But first, here's a shot of the tasty result. Yummy, moist pork tacos made with homemade corn tortillas and topped with some homemade tomatillo salsa and curtido. Actually, just the one on the right is pork - the one on the left was some chicken tossed with a homemade chipotle salsa. (But the porky pork pork was the highlight, believe you me.)
I've worked with pig's head before, and it was a slightly traumatic experience. That time it had come skinned, and the big old eyeballs staring at me as I tried to work with it were almost more than I could handle. That was a very strange year.... nothing came to me like I ordered and all the cuts of meat were skinned, which is pretty useless if you want to cure hams. Anyway, I doublechecked all this stuff with my farmer this year (Cochrane Family Farms in Upper Stewiacke) and he assured me that all meat would come skin-on. Because... skinning pigs is dumb.

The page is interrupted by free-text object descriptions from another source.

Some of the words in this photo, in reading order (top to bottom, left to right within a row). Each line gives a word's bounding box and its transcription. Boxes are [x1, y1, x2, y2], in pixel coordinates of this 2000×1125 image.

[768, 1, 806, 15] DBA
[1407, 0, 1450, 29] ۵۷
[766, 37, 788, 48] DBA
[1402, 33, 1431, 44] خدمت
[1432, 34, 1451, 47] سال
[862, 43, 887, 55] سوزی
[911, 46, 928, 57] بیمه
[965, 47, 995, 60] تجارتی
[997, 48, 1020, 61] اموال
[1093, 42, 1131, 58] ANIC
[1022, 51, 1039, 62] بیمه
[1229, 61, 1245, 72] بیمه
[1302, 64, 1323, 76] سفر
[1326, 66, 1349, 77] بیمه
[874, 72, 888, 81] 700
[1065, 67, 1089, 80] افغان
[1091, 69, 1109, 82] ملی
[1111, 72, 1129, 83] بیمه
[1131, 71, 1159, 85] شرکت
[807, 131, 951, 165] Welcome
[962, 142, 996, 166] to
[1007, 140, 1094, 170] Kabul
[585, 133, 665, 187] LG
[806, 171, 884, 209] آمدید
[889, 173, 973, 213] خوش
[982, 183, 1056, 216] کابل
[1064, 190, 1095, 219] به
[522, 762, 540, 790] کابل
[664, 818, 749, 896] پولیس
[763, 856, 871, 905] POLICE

I should perhaps pause to explain just why I ask for the head when I get a side of pork from my farmer, lest I give the impression of being some kind of extreme meat aficionado. See, most folks don't want these 'gross bits' like the head and the offal with the rest of their meat and so they generally get thrown out. A head does take up a lot of space - ours was around 16 pounds - so it's pretty understandable that they can't all be stored, and small producers have a hard time selling these to anybody. So they're discarded. But in the past decade or so that I've been more involved with my food and where it comes from, it's become important to me to recognize that animals I eat were once living, breathing animals - and nothing does this quite like a head. To throw this last reminder away seems like a physical and moral waste.

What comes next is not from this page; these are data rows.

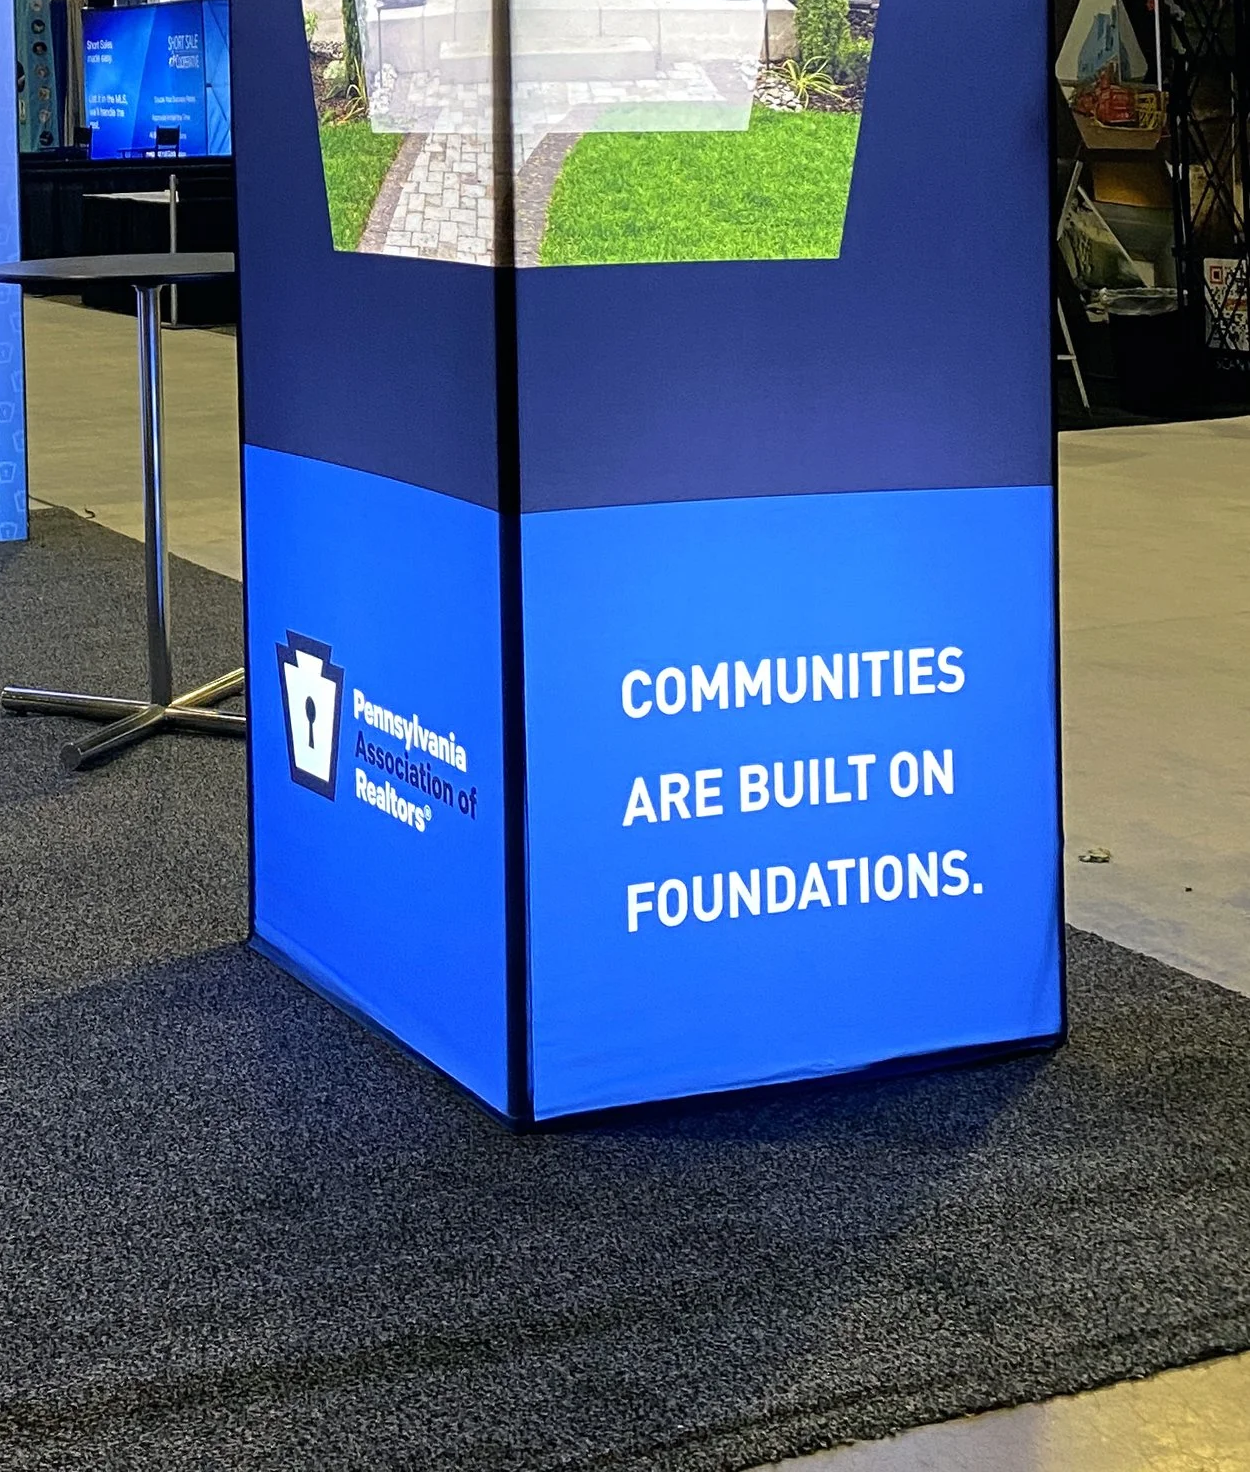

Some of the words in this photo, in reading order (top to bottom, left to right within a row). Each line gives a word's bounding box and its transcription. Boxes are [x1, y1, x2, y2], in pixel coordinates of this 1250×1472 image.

[621, 646, 965, 719] COMMUNITIES
[353, 688, 466, 773] Pennsylvania
[355, 730, 454, 808] Association
[458, 786, 477, 820] of
[622, 768, 724, 827] ARE
[739, 753, 876, 813] BUILT
[889, 748, 954, 798] ON
[627, 849, 983, 933] FOUNDATIONS.

Anyway - this was the first summer where I actually got my pork cut exactly the way I had requested. (Thanks, Frank!) I had also wanted all the meat unfrozen so I could deal with it immediately, and it was - aside from the head. At the time I had been planning to make guanciale from the jowls, but was actually quite glad that I couldn't really deal with it since I had enough work to do, and I focused on making bacon, ham, paté, and cutting the the rest of the pig up into manageable cuts.
So into the freezer went the head, and there it stayed until last week. I ordered 50 lbs of grassfed beef from Ironwood Farm, (the same place we've bought our CSA share for the past two years) and we had to pick it up this weekend. The pig head taking up valuable space at the bottom of the freezer had to get dealt with in order to make room for all the beef.

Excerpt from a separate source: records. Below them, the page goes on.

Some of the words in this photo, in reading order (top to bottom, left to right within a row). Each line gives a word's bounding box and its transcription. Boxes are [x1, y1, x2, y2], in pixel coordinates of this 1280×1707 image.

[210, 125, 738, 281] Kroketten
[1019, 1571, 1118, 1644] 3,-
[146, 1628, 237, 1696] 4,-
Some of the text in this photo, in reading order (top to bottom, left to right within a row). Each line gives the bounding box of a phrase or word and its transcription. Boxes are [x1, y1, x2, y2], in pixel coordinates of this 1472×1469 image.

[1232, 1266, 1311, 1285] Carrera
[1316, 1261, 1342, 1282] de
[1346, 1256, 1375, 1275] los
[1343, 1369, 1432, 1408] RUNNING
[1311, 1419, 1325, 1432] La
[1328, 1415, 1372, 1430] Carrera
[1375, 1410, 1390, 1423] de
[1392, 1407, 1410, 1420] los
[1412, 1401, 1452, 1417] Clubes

Look at that rakish grin! |
I'm still in school these days, and November isn't a great time to start time-intensive food projects, so fancy pants jowl-curing or making head cheese was not going to happen. I decided to just roast up the damn thing and see what happened. Once it was thawed out, I took a good look at it for the first time.
First things first. Pig needed a shave.
No more goatee! |
When he was all shaved up, I stuck him in the roaster, covered his nose and ears, and roasted him at around 290 degrees for the next 7 or 8 hours. When it finally came out of the oven, the internal temp was around 190 - so I knew it would be coming out pretty much like pulled pork. But.... how was I going to get through that impenetrable hide to get to the meat?
Um, this is how. After letting it rest for 20 minutes or so, I cracked open its mouth to get at the meat at the back of the jaw. Kind of gross, but quite effective. There really is not very much meat on a head - most of it is jaw muscles or tongue, and this allowed us to get at it without wading through all the fat.
We were pretty thorough with the picking out all the good chunks of meat off the bones, and this plate was all there was - probably 2 pounds of cooked meat from a 16 pound head. We also peeled the tongue and cut it up as well. I'm not the hugest tongue fan, but this was actually pretty nice.
The meat was RICH but with a nice clean, pork roast flavour - my super-tart lime tomatillo salsa was a perfect balance for the rich meat, and the heavy corn tortillas provided a good, solid base to the whole production. I'd definitely do this again.
(Oh - and the leathery ears and the rest of the skin went to a friend's dog where he'll be happily chewing for the next year!)